Convergence: ensures the replicated copies of the shared document be identical at all sites at quiescence (i.e., all generated operations have been executed at all sites).
Since concurrent operations may be executed in different orders and editing operations are not commutative in general, copies of the document at different sites may diverge (inconsistent). The first OT algorithm was proposed in Ellis and Gibbs's paper[2] to achieve convergence in a group text editor; the state-vector (or vector clock in classic distributed computing) was used to preserve the precedence property.
The CCI model
The CCI model was proposed as a consistency management in collaborative editing systems.[4][8] Under the CCI model, three consistency properties are grouped together:
Causality preservation : the same as in the CC model.

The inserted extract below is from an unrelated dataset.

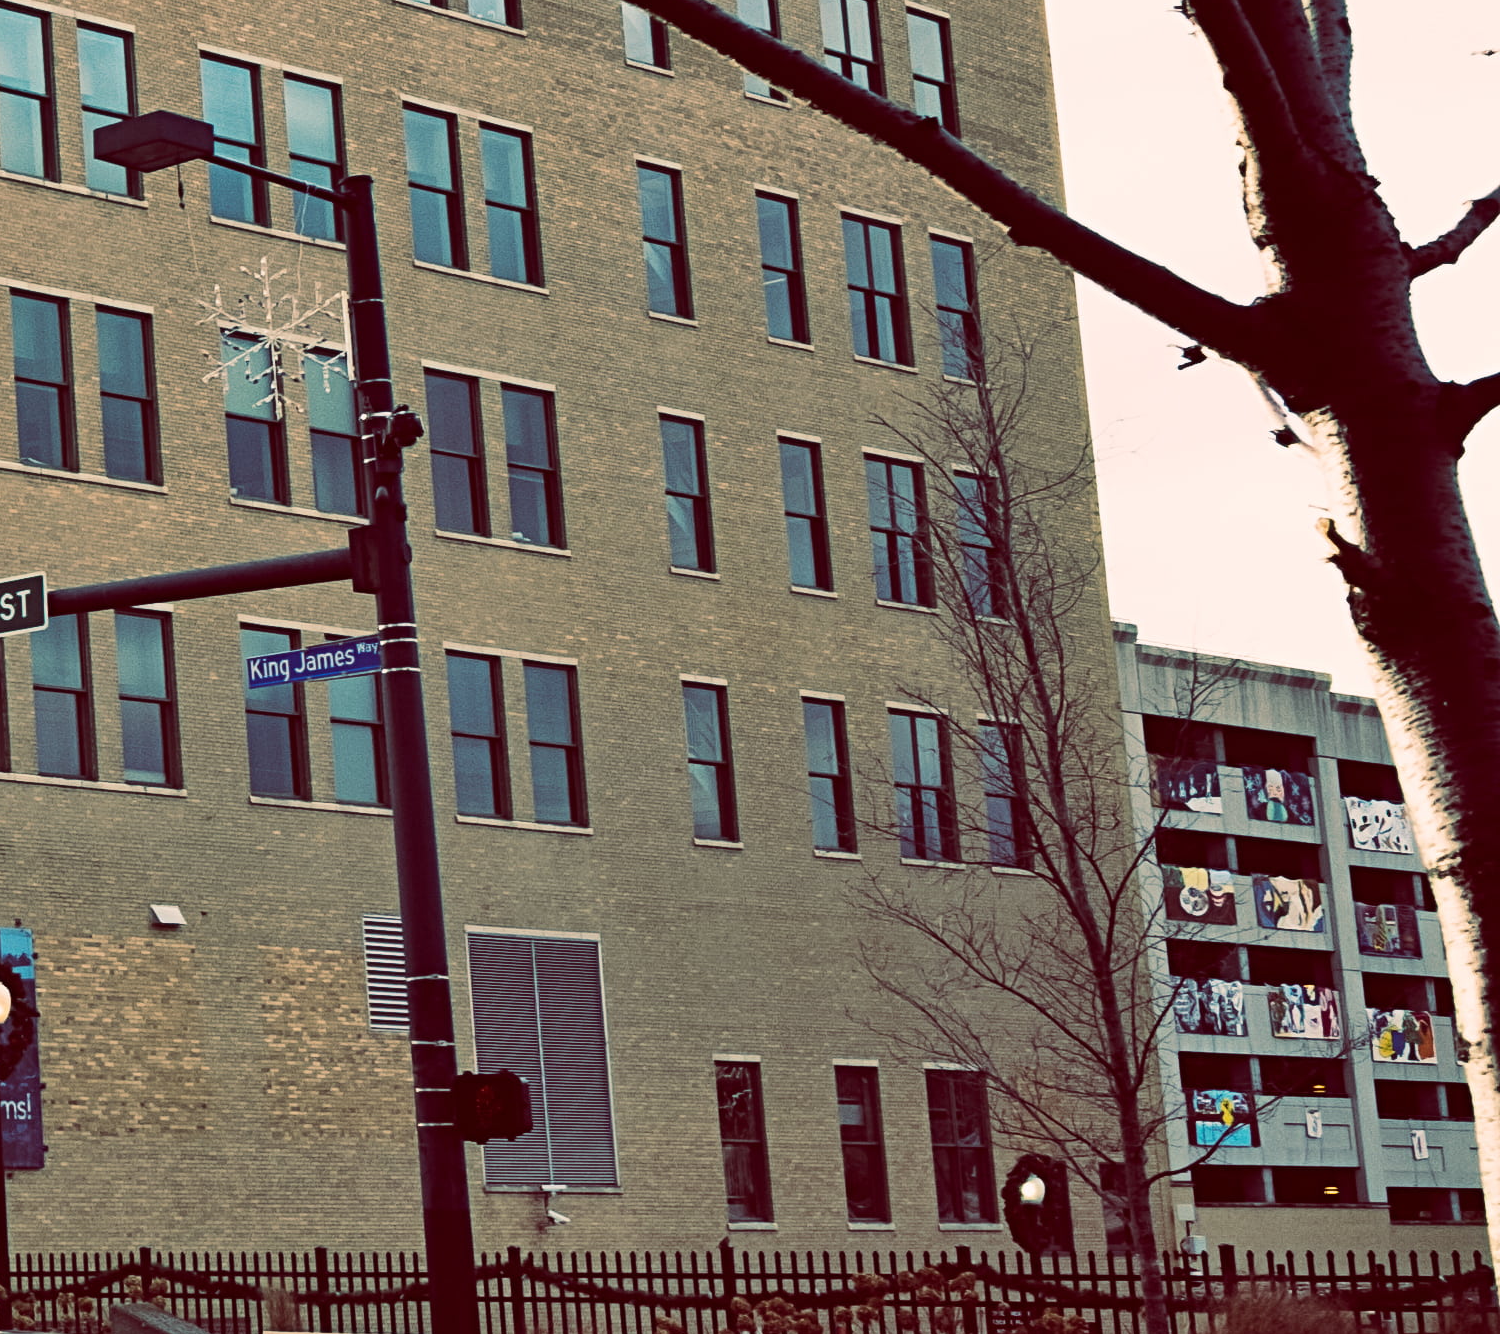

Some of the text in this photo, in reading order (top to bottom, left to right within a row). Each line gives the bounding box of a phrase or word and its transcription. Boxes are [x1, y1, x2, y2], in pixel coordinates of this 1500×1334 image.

[0, 589, 32, 622] ST
[249, 641, 379, 682] King James Way

Convergence: the same as in the CC model.
Intention preservation: ensures that the effect of executing an operation on any document state be the same as the intention of the operation. The intention of an operation O is defined as the execution effect which can be achieved by applying O on the document state from which O was generated.

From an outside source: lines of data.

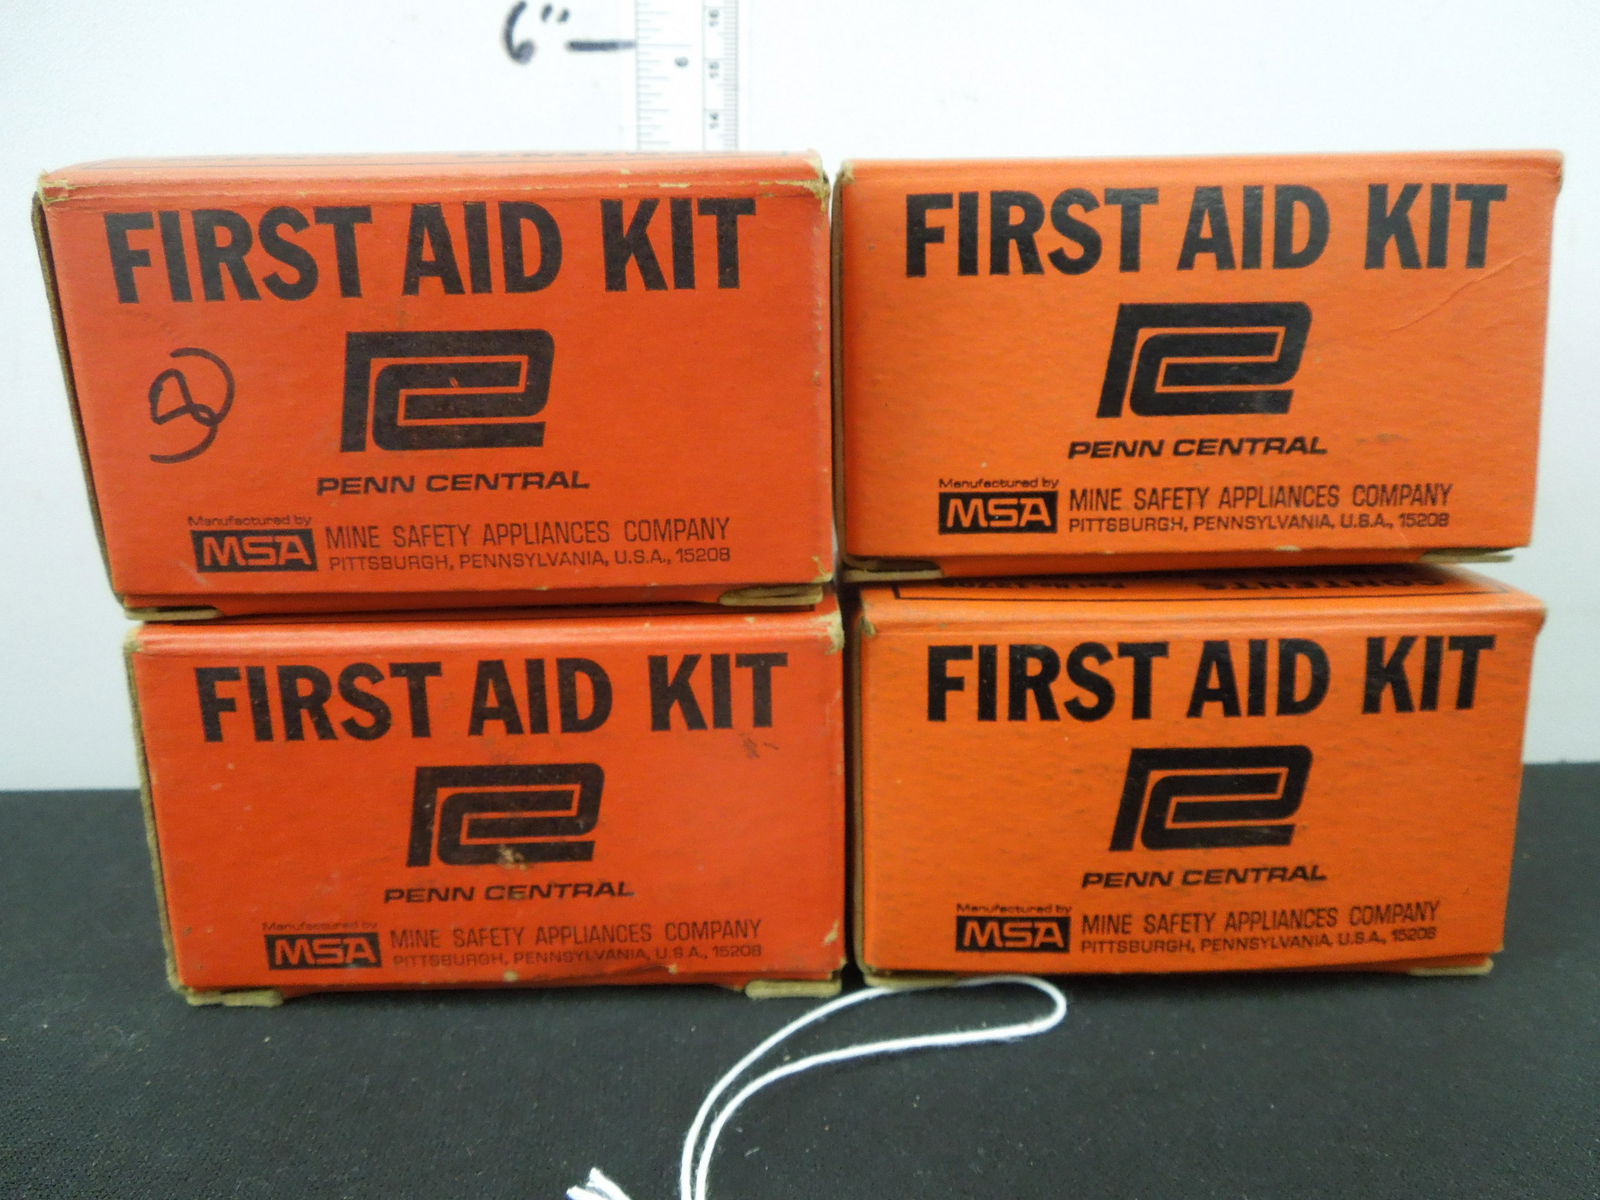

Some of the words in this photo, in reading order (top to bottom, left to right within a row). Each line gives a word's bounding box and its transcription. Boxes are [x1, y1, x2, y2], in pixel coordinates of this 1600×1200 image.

[674, 56, 689, 68] 6
[906, 187, 1159, 277] FIRST
[1177, 184, 1330, 270] AID
[1364, 183, 1507, 269] KIT
[104, 206, 372, 303] FIRST
[402, 201, 562, 296] AID
[601, 197, 756, 292] KIT
[1068, 440, 1164, 459] PENN
[1173, 436, 1328, 456] CENTRAL
[317, 475, 415, 496] PENN
[425, 471, 590, 491] CENTRAL
[938, 478, 1038, 489] Manufactured
[1041, 477, 1060, 491] by
[1069, 487, 1122, 511] MINE
[1134, 486, 1210, 510] SAFETY
[1218, 484, 1340, 508] APPLIANCES
[1352, 482, 1453, 507] COMPANY
[187, 515, 291, 527] Manufactured
[294, 514, 312, 527] by
[946, 498, 1051, 528] MSA
[1069, 517, 1188, 532] PITTSBURGH,
[1399, 512, 1449, 528] 15208
[326, 525, 379, 549] MINE
[393, 523, 471, 548] SAFETY
[483, 520, 610, 546] APPLIANCES
[624, 517, 730, 542] COMPANY
[203, 534, 313, 567] MSA
[329, 554, 454, 571] PITTSBURGH,
[676, 547, 731, 562] 15208
[927, 641, 1170, 722] FIRST
[1186, 638, 1330, 718] AID
[1361, 634, 1496, 714] KIT
[194, 661, 442, 742] FIRST
[467, 657, 612, 736] AID
[648, 652, 788, 731] KIT
[1081, 871, 1174, 888] PENN
[1181, 865, 1327, 886] CENTRAL
[384, 886, 475, 904] PENN
[484, 881, 635, 901] CENTRAL
[956, 903, 1053, 914] Manufactured
[1056, 904, 1072, 915] by
[1082, 914, 1132, 935] MINE
[1143, 912, 1215, 934] SAFETY
[1225, 907, 1338, 931] APPLIANCES
[1349, 900, 1440, 925] COMPANY
[390, 928, 440, 949] MINE
[453, 926, 524, 948] SAFETY
[535, 923, 652, 945] APPLIANCES
[665, 919, 762, 941] COMPANY
[963, 920, 1064, 948] MSA
[1081, 938, 1195, 953] PITTSBURGH,
[275, 936, 379, 965] MSA
[713, 944, 762, 958] 15208

The CCI model extends the CC model with a new criterion: intention preservation. The essential difference between convergence and intention preservation is that the former can always be achieved by a serialization protocol, but the latter may not be achieved by any serialization protocol if operations were always executed in their original forms. Achieving the nonserialisable intention preservation property has been a major technical challenge. OT has been found particularly suitable for achieving convergence and intention preservation in collaborative editing systems.
The CCI model is independent of document types or data models, operation types, or supporting techniques (OT, multi-versioning, serialization, undo/redo). It was not intended for correctness verification for techniques (e.g. OT) that are designed for specific data and operation models and for specific applications. In,[4] the notion of intention preservation was defined and refined at three levels: First, it was defined as a generic consistency requirement for collaborative editing systems; Second, it was defined as operation context-based pre- and post- transformation conditions for generic OT functions; Third, it was defined as specific operation verification criteria to guide the design of OT functions for two primitive operations: string-wise insert and delete, in collaborative plain text editors.
The CSM model
The condition of intention preservation was not formally specified in the CCI model for purposes of formal proofs. The SDT[9] and LBT[10] approaches try to formalize an alternative conditions that can be proved. The consistency model proposed in these two approaches consist of the following formal conditions:
Causality: the same definition as in CC model
Single-operation effects: the effect of executing any operation in any execution state achieves the same effect as in its generation state
Multi-operation effects: the effects relation of any two operations is maintained after they are both executed in any states
The CA model
The above CSM model requires that a total order of all objects in the system be specified. Effectively, the specification is reduced to new objects introduced by insert operations. However, specification of the total order entails application-specific policies such as those to break insertion ties (i.e., new objects inserted by two current operations at the same position). Consequently, the total order becomes application specific. Moreover, in the algorithm, the total order must be maintained in the transformation functions and control procedure, which increases time/space complexities of the algorithm.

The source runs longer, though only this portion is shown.